While that's technically true, the FDIC took over all of Silverton's operations as of May 1–- including those of Specialty Finance Group. As such, FDIC spokesperson David Barr says that the government will likely attempt to sell SFG lock, stock, and barrel to another bank in the near future.
"I would imagine that with a subsidiary like SFG, we'll attempt to sell the whole thing," says Barr, "but if we have yet to sell it by the 29th, we'll continue to operate it."
Should the FDIC fail to sell SFG as a whole, the next step for the Landmark Hotel loan would be for it to be sold as part of a bundle of Silverton loans to either another bank or a private investor. Just who would want to buy a loan on which the owner has [allegedly] defaulted, particularly one presently tied up in litigation in two different states?
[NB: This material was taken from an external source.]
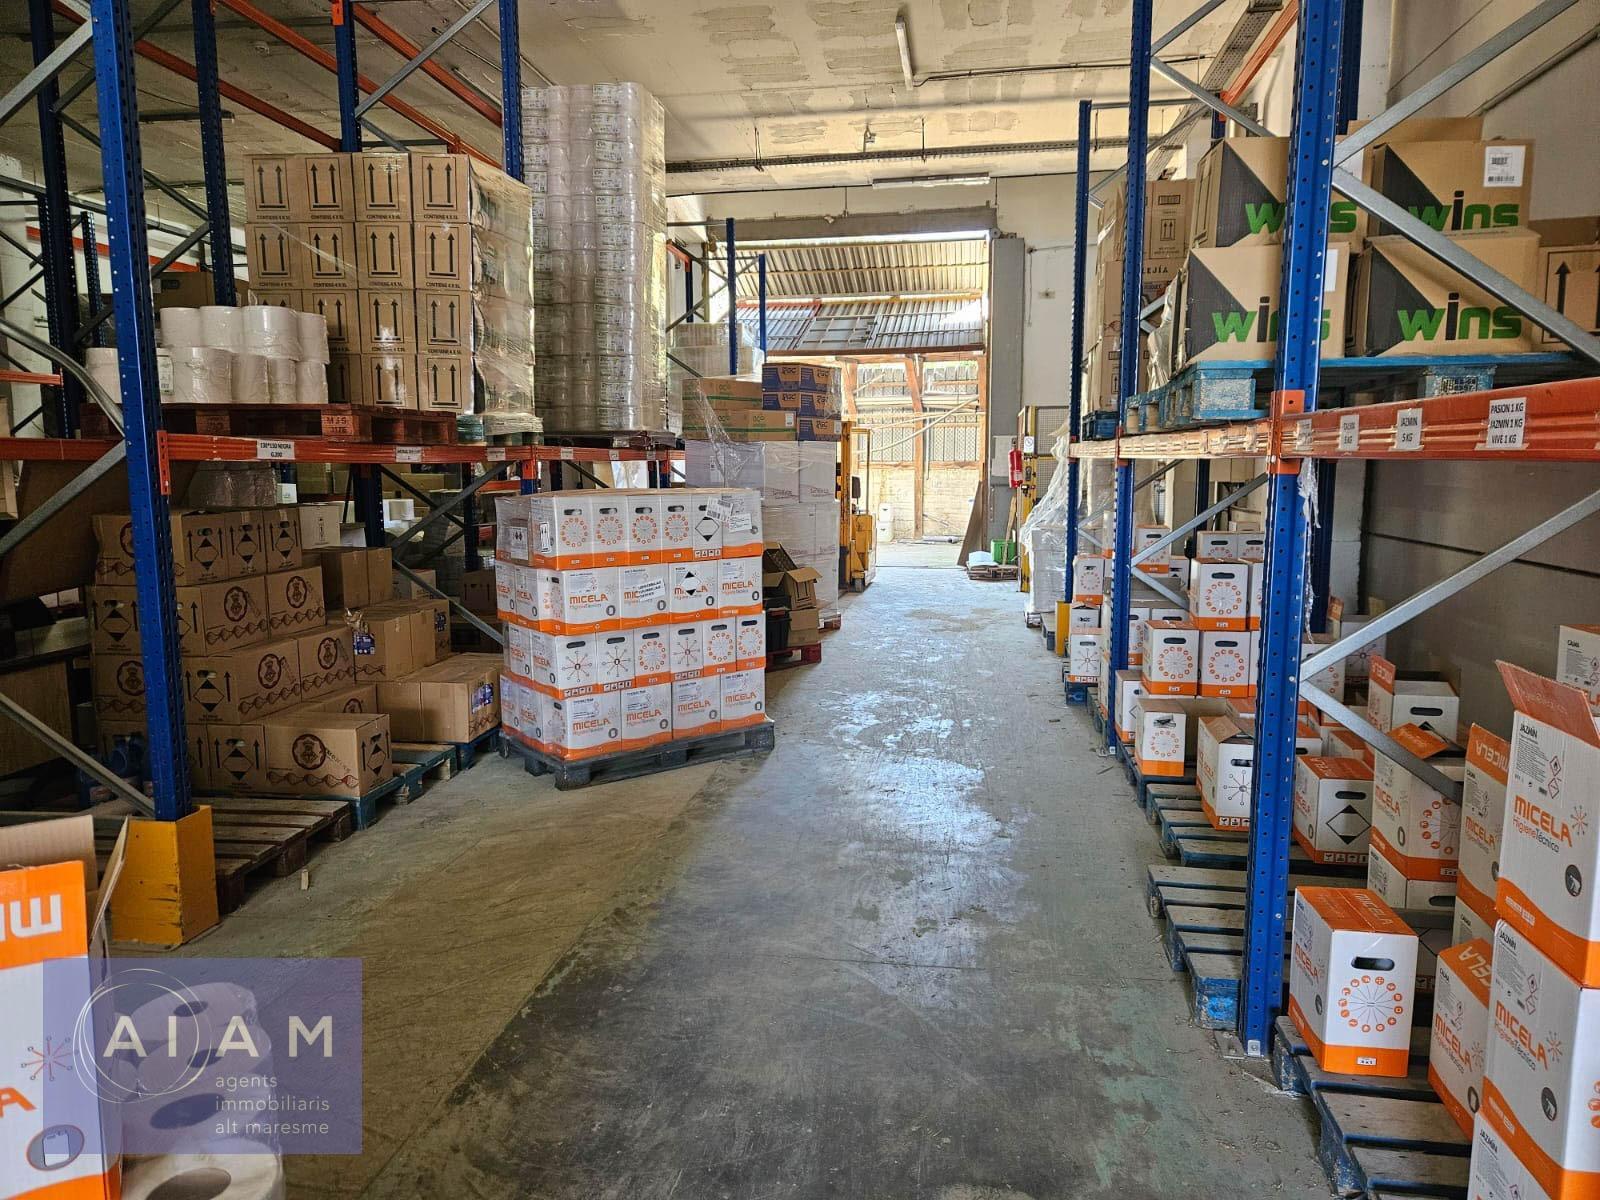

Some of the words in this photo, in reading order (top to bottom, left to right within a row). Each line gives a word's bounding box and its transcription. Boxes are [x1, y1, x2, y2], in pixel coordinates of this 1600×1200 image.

According to former commercial banker and financial pundit Hugh Hennessy, plenty of well-funded individuals.
"Usually the buyers are what you'd call 'vulture funds,'" says Hennessy. "They're usually backed by wealthy private investors like Warren Buffett or they're subsidiaries of a big financial institution like Fidelity Investments."
And while the FDIC hasn't historically had any trouble selling off a failed bank's holdings, the proliferation of so-called "toxic assets" has been so widespread throughout America's financial institutions the Treasury Department announced in March that they will be using taxpayer dollars to sweeten the deal in order to sell off bad loans.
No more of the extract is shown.